> **What the task requires**:
Exactly as written, retype the listing below, omitting the pictures.
---
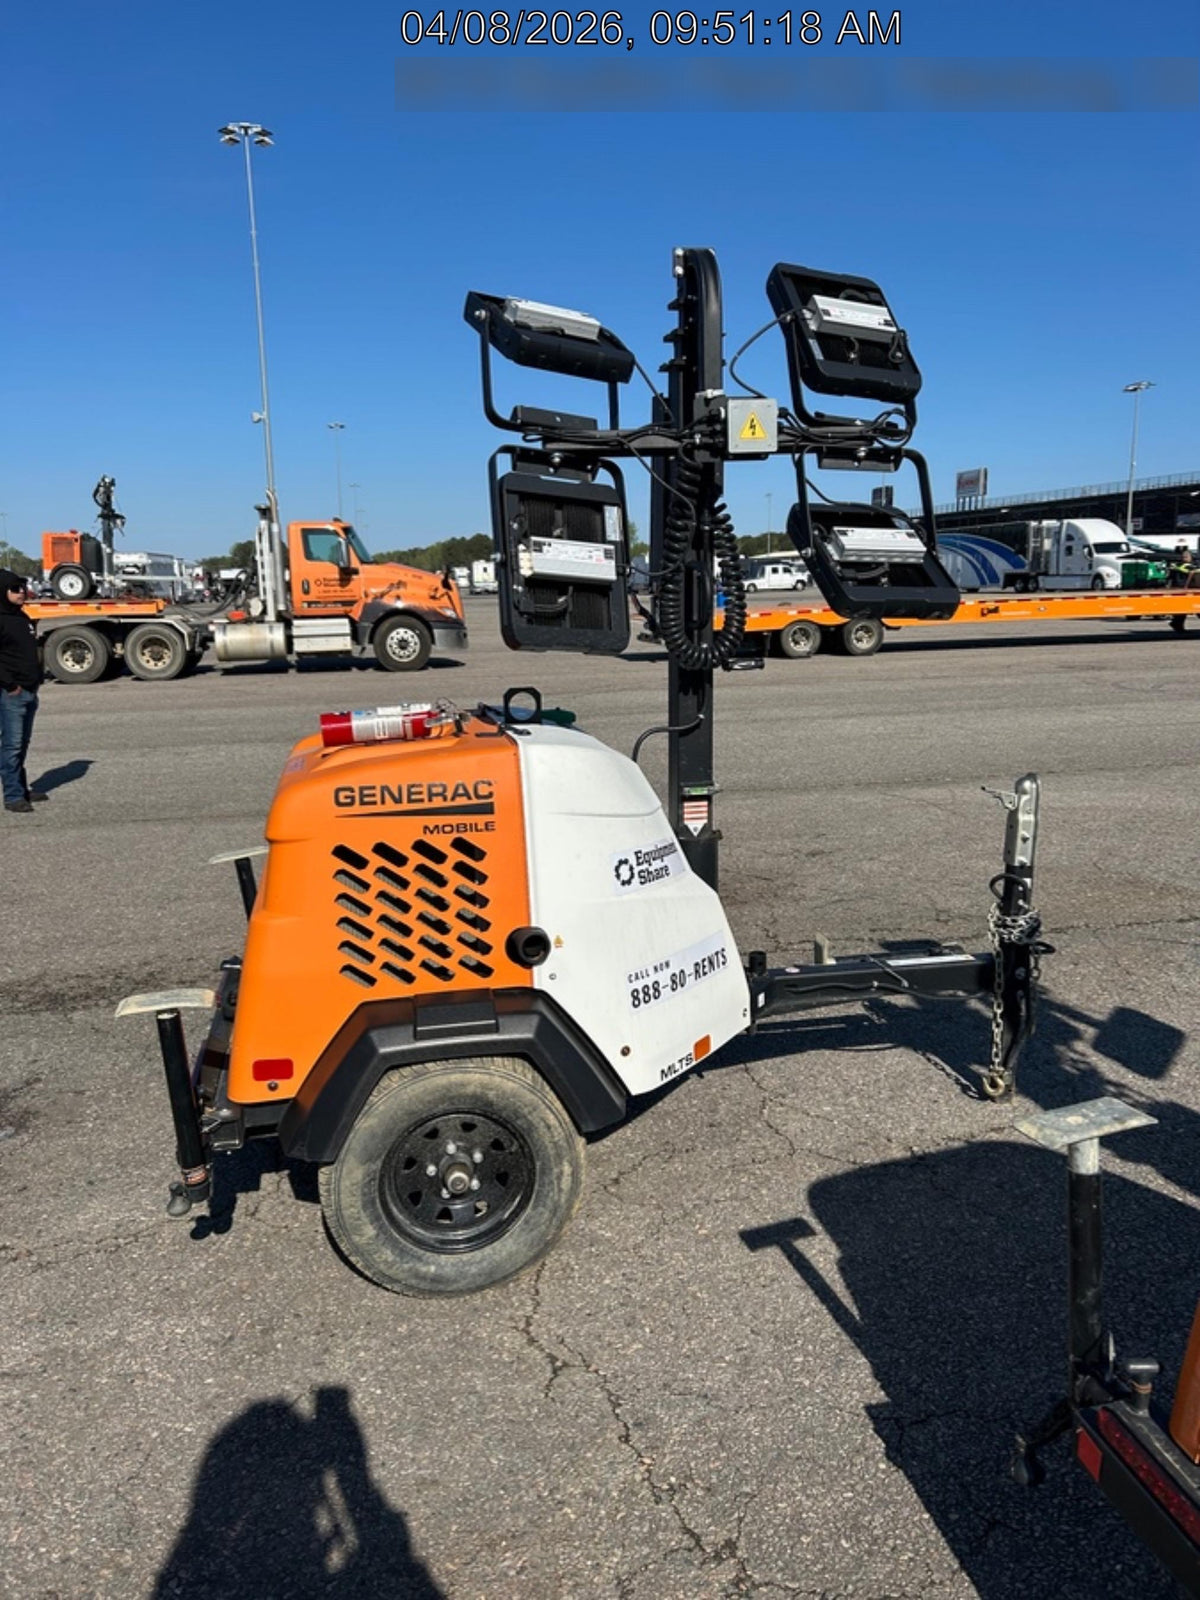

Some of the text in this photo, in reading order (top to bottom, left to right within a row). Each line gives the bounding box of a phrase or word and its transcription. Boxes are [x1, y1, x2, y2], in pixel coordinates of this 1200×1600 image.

[333, 780, 494, 808] GENERAC
[422, 821, 496, 835] MOBILE
[637, 865, 671, 886] Share
[627, 960, 670, 983] CALL NOW
[630, 947, 728, 1009] 888-80-RENTS
[660, 1052, 693, 1081] MLTS
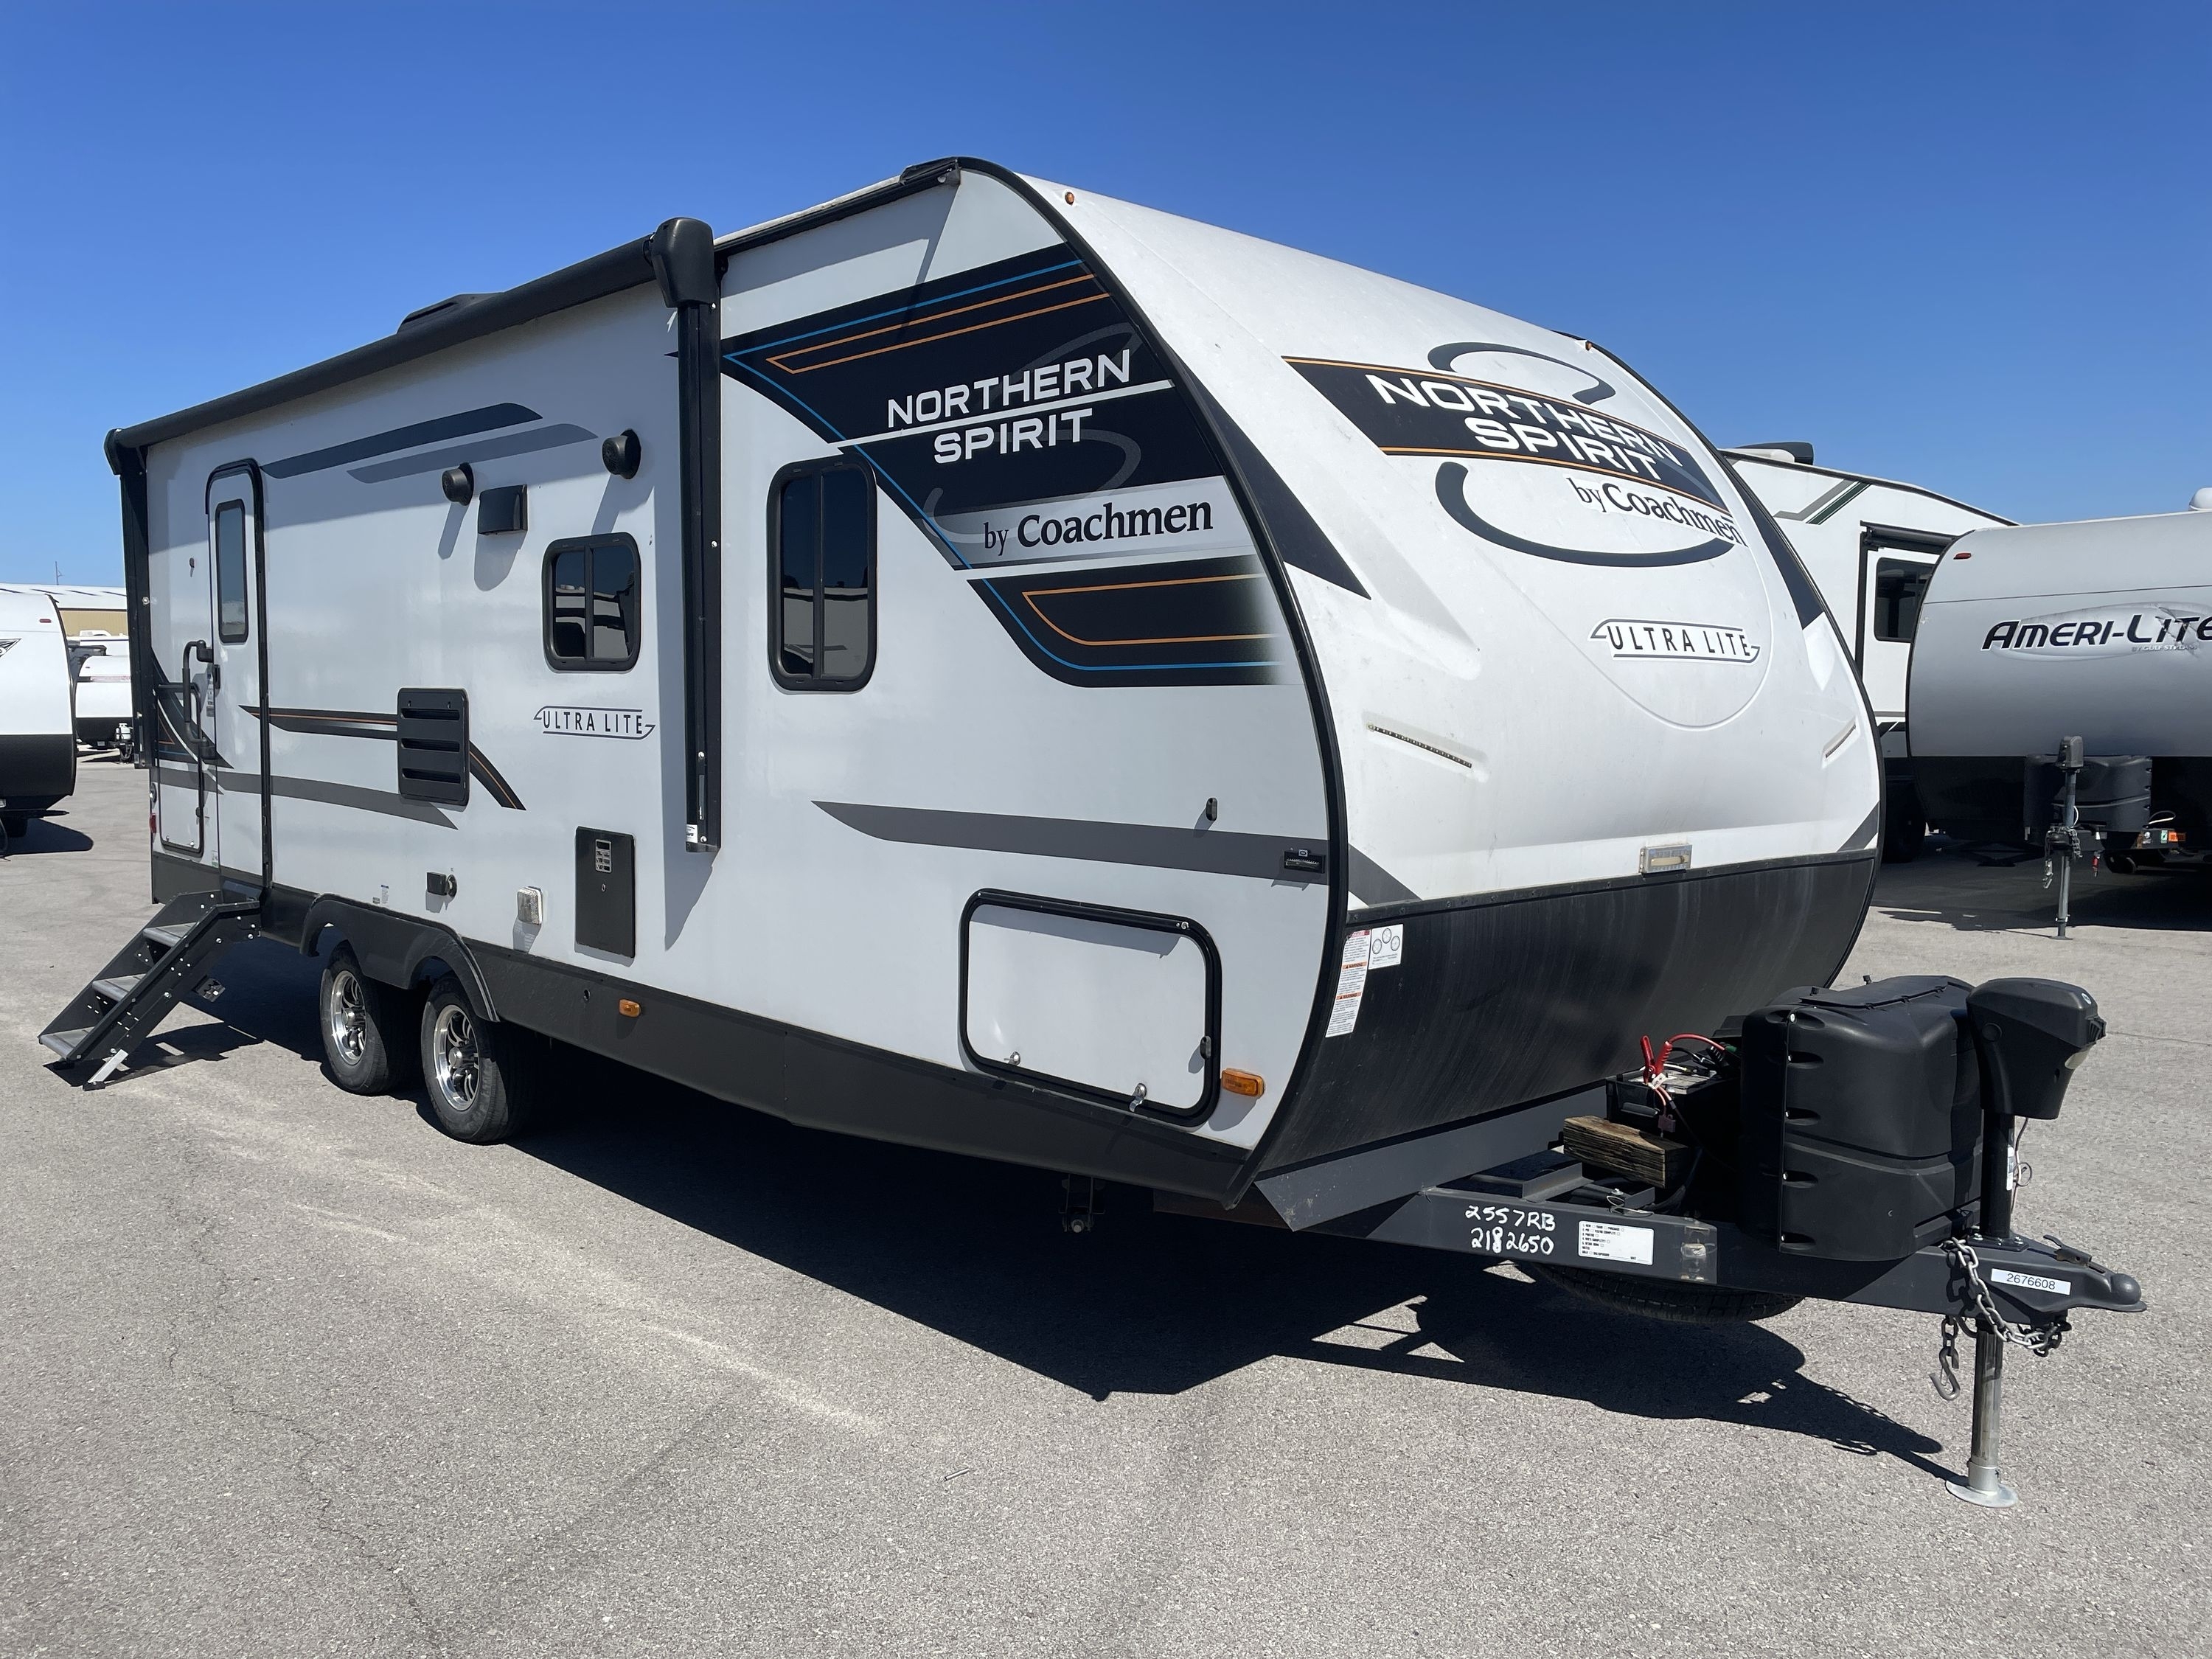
---
> **Response to the exercise**:
Some of the text in this photo, in reading order (top to bottom, left to right within a row). Each line gives the bounding box of a phrase or word and its transcription. Boxes are [x1, y1, x2, y2], in pixel coordinates of this 1200×1600 image.

[333, 780, 494, 808] GENERAC
[422, 821, 496, 835] MOBILE
[637, 865, 671, 886] Share
[627, 960, 670, 983] CALL NOW
[630, 947, 728, 1009] 888-80-RENTS
[660, 1052, 693, 1081] MLTS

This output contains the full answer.